Challenge. Extend your code in the last part, still just using a single flow of pipe commands in total, to produce a plot but with the regression line on top. Hint: use the “tee” operator %T>%
so that the pipe doesn’t terminate after the call to plot()
; we didn’t learn this in lecture, so you can look it up to read more about it.
3d. Reorder the rows in terms of increasing Wind, and then display only the women who ran at most 10.7 seconds. Hint: do this with one single flow of pipe commands; use arrange()
, filter()
.
3e. Now reorder the rows in terms of increasing Time, and then increasing Wind, and again display only the women who ran at most 10.7 seconds, but only display the Time, Wind, Name, and Date columns. Hint: a single flow of pipe commands will do; note that arrange()

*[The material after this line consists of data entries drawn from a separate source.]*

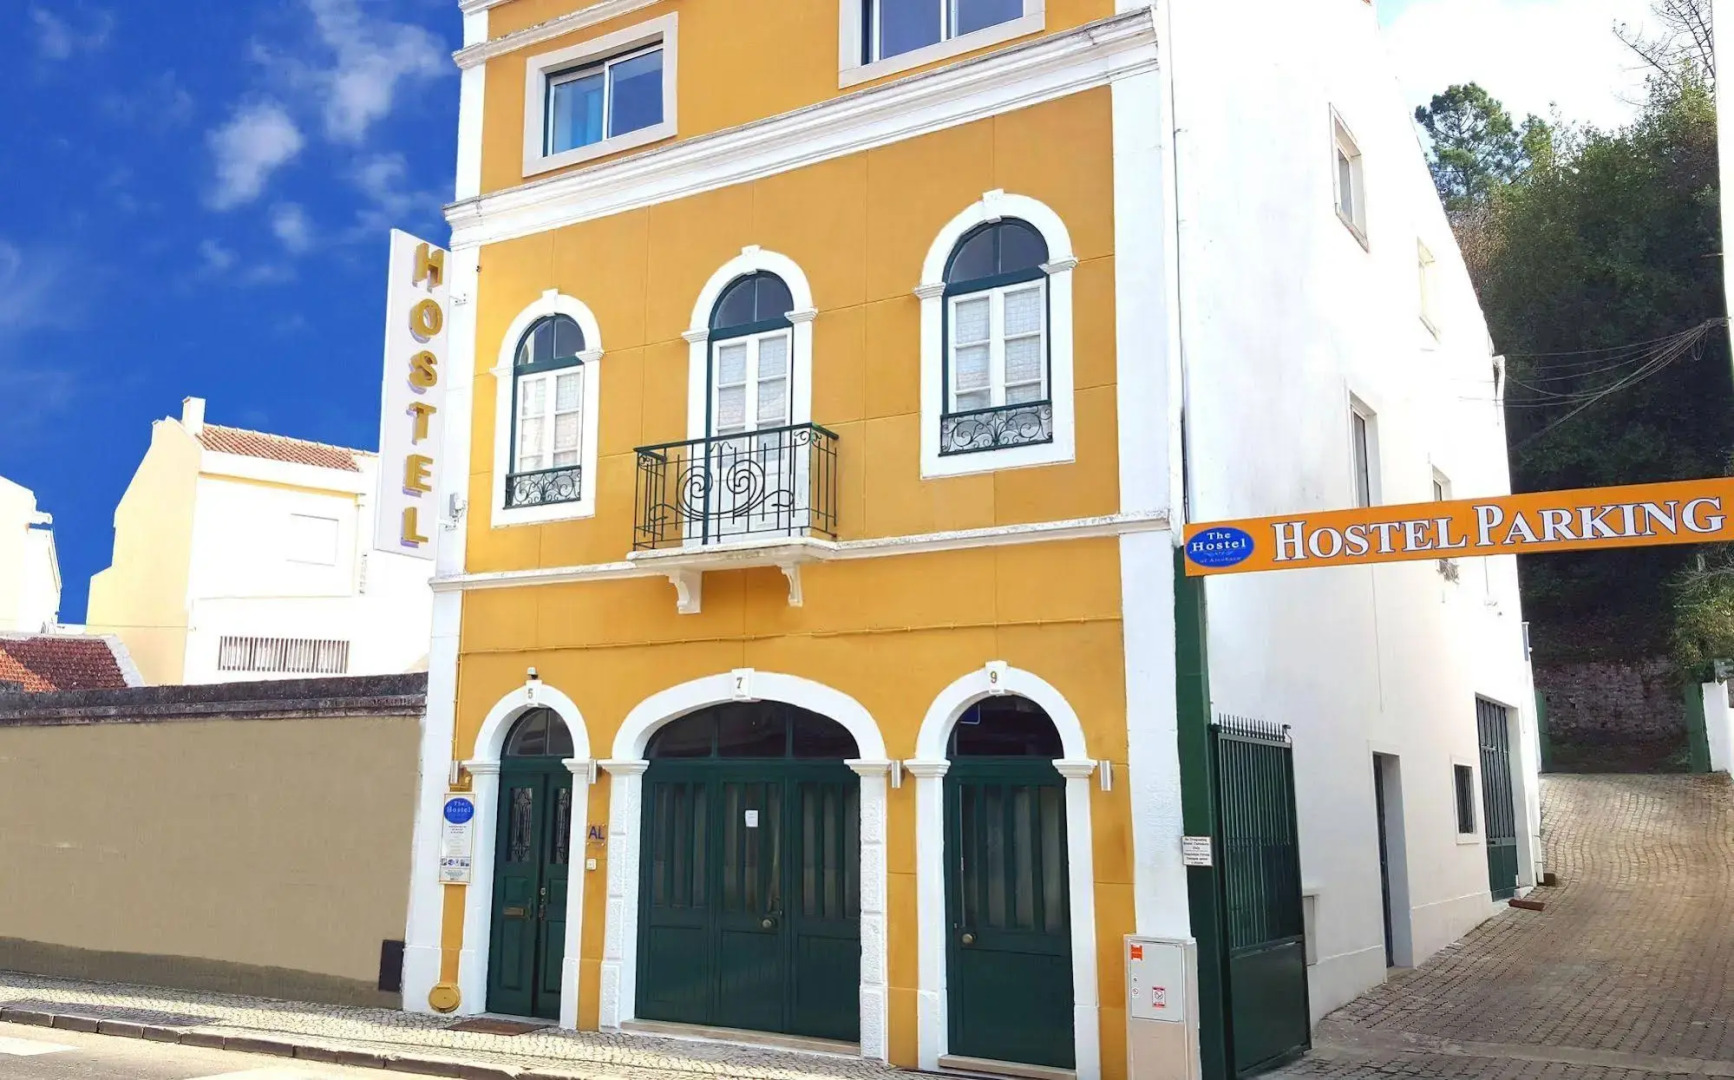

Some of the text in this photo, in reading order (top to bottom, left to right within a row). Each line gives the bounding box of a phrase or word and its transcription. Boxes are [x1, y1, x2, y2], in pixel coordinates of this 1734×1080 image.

[402, 242, 444, 543] HOSTEL
[1271, 496, 1727, 562] HOSTEL PARKING
[1206, 532, 1231, 540] The
[1192, 538, 1246, 551] Hostel
[736, 677, 743, 689] 7
[990, 671, 997, 684] 9
[527, 688, 533, 699] 5
[588, 826, 605, 839] AL

can take multiple columns that you want to sort by, and the order you pass them specifies the priority.
Below we read in a data frame pros.df
containing measurements on men with prostate cancer, as seen in previous labs. As before, in what follows, use dplyr
and pipes to answer the following questions on pros.df
.
pros.df =
read.table("http://www.stat.cmu.edu/~ryantibs/statcomp-F19/data/pros.dat")
4a. Among the men whose lcp value is equal to the minimum value, report the lowest and highest lpsa score.
4b. Order the rows by decreasing age, then decreasing lpsa score, and display the rows from men who are older than 70, but only the age, lpsa, lcavol, and lweight columns.
4c. Run a linear regression of the lpsa on lcavol and lweight columns, but only using men whose lcp value is strictly larger than the minimum value, and report a summary of the fitted model.
4d. Extend your code in the last part, still just using a single flow of pipe commands in total, to extract the p-values associated with each of the coefficients in the fitted model.